[Saved entries]
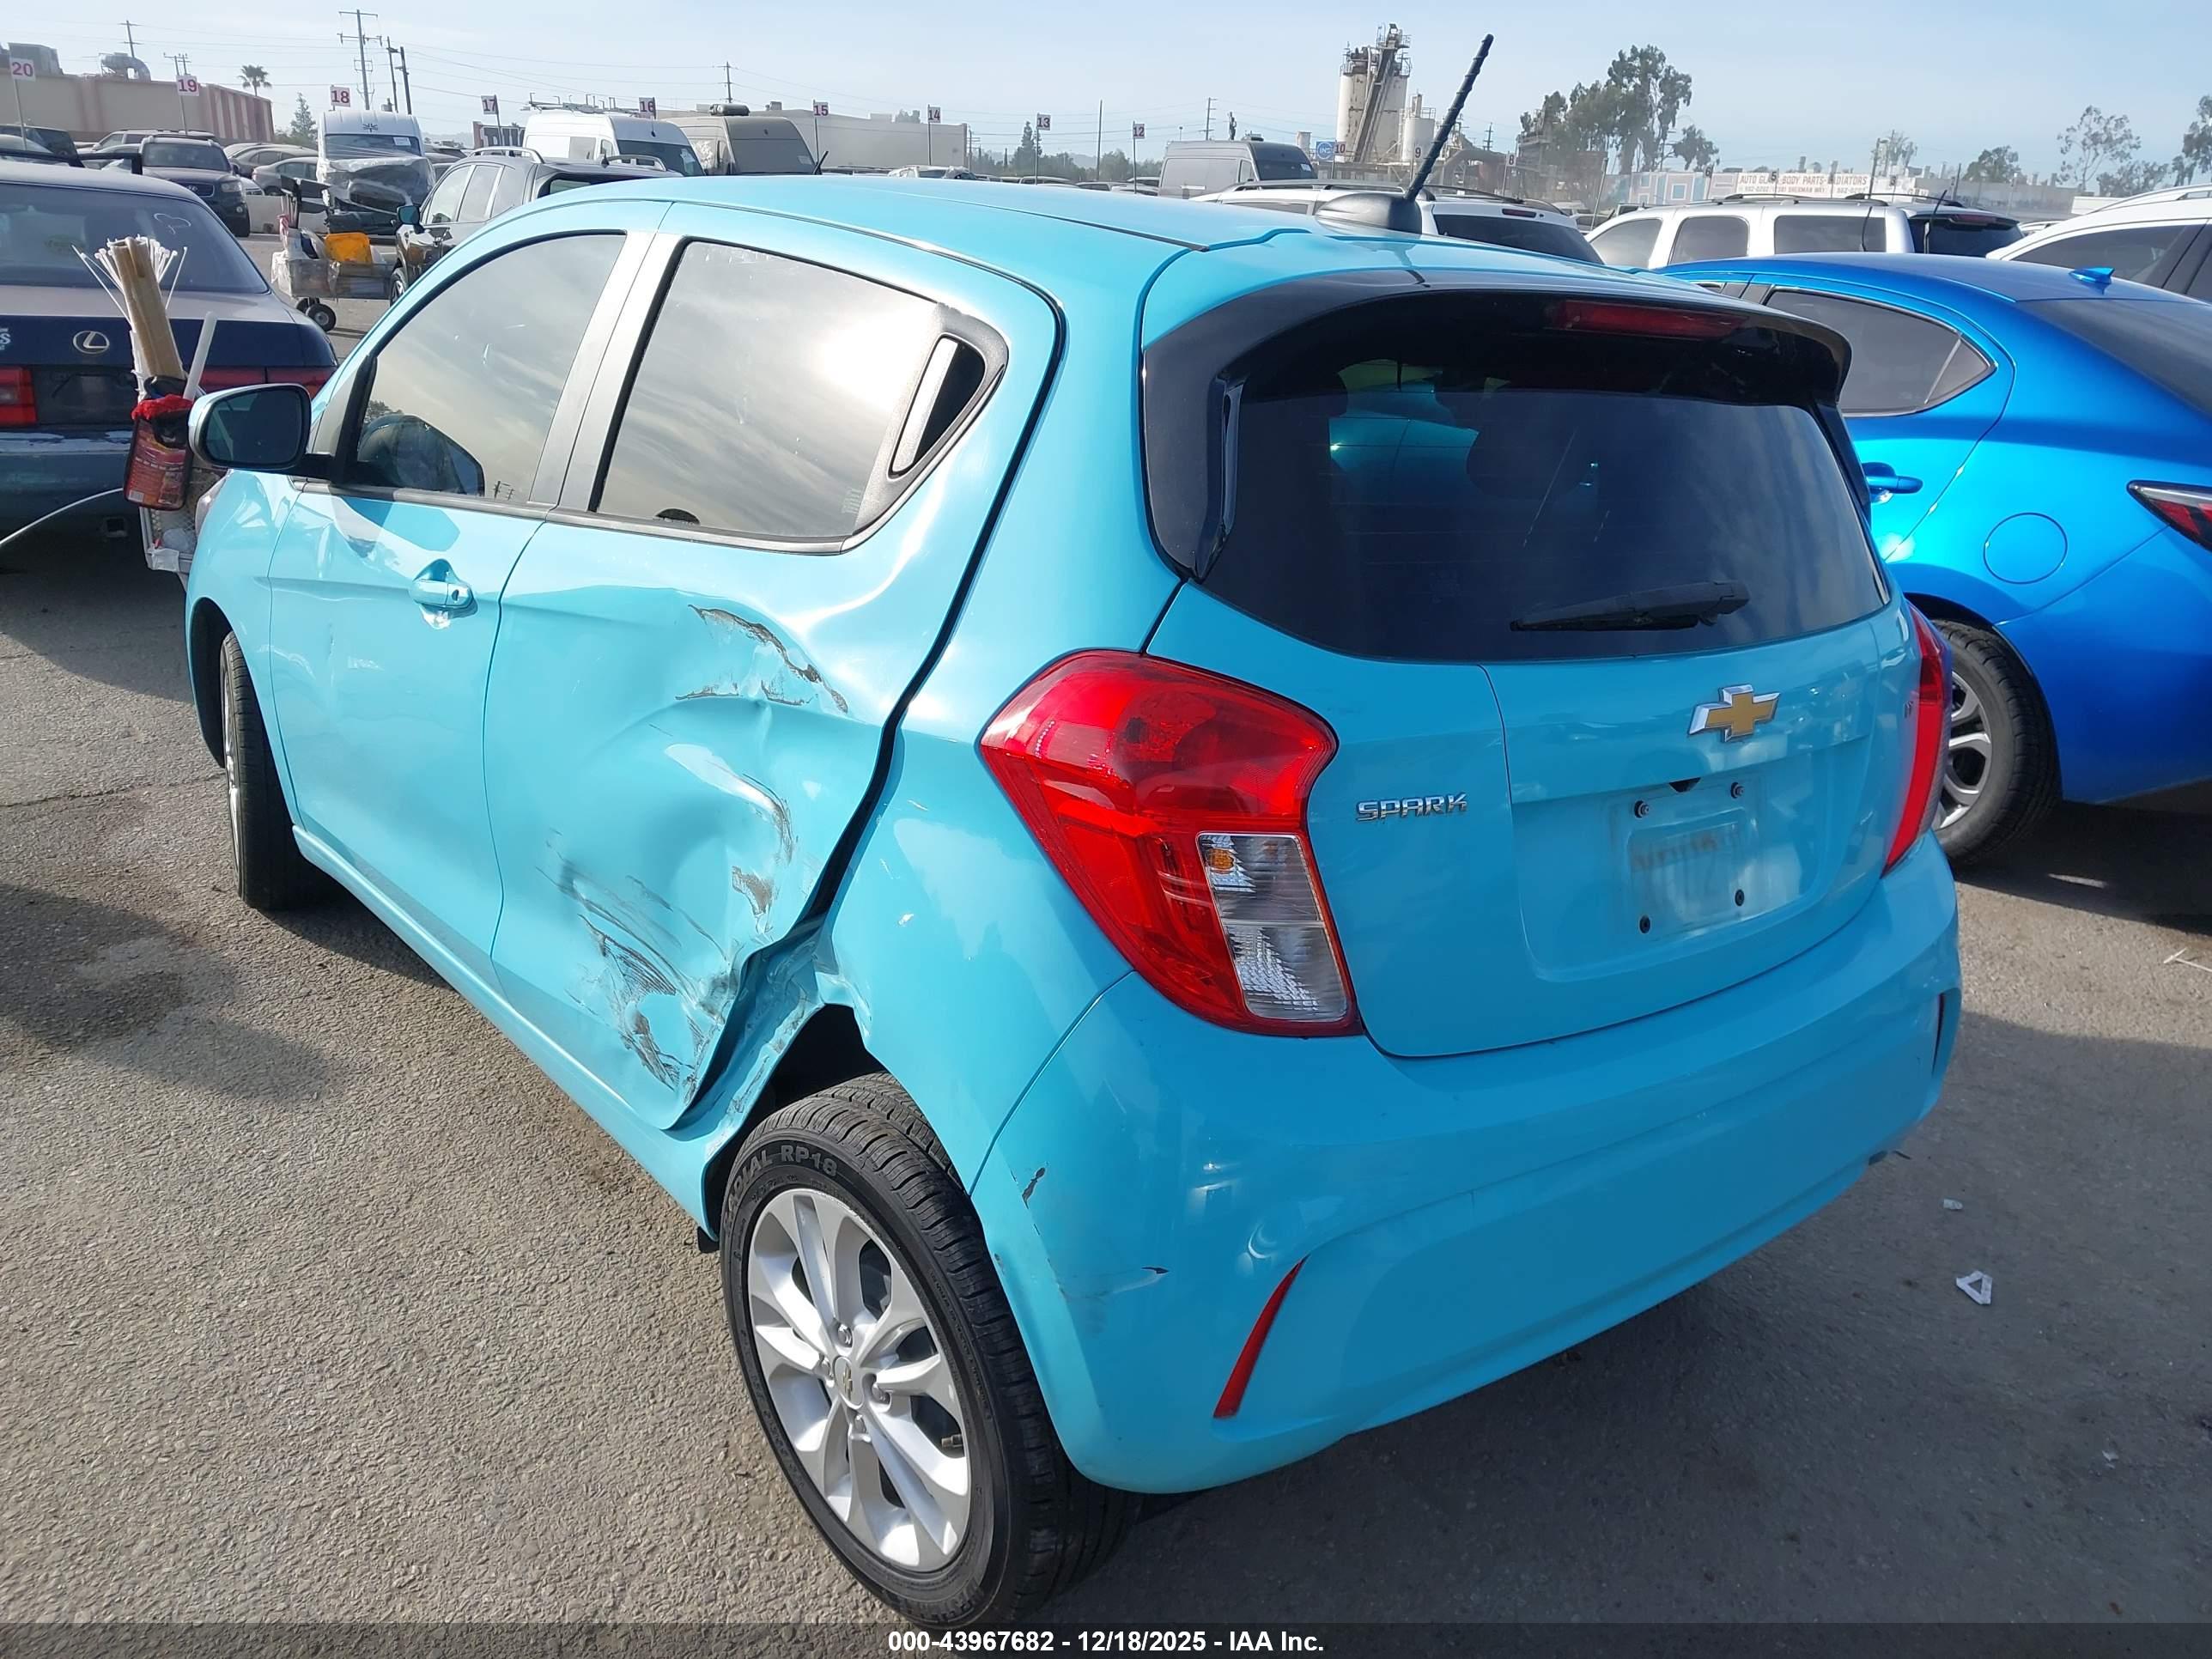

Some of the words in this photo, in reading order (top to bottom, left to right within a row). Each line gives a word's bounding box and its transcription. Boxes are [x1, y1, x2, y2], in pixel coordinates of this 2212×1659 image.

[12, 61, 33, 76] 20
[178, 78, 198, 92] 19
[331, 89, 349, 104] 18
[482, 98, 497, 112] 17
[813, 105, 829, 116] 15
[927, 109, 940, 120] 14
[1036, 117, 1050, 128] 13
[1133, 126, 1145, 137] 12
[1334, 143, 1346, 154] 10
[1414, 147, 1421, 158] 9
[1509, 155, 1515, 165] 8
[1739, 174, 1757, 185] AUTO
[1771, 171, 1778, 181] 5
[1356, 792, 1468, 822] SPARK
[780, 1145, 838, 1177] RP18

### What needs to be done:
Copy out the records exactly; the pictures stay behind.

### Response to this exercise:
Some of the words in this photo, in reading order (top to bottom, left to right within a row). Each line gives a word's bounding box and its transcription. Boxes are [x1, y1, x2, y2], in pixel coordinates of this 2212×1659 image.

[12, 61, 33, 76] 20
[178, 78, 198, 92] 19
[331, 89, 349, 104] 18
[482, 98, 497, 112] 17
[813, 105, 829, 116] 15
[927, 109, 940, 120] 14
[1036, 117, 1050, 128] 13
[1133, 126, 1145, 137] 12
[1334, 143, 1346, 154] 10
[1414, 147, 1421, 158] 9
[1509, 155, 1515, 165] 8
[1739, 174, 1757, 185] AUTO
[1771, 171, 1778, 181] 5
[1356, 792, 1468, 822] SPARK
[780, 1145, 838, 1177] RP18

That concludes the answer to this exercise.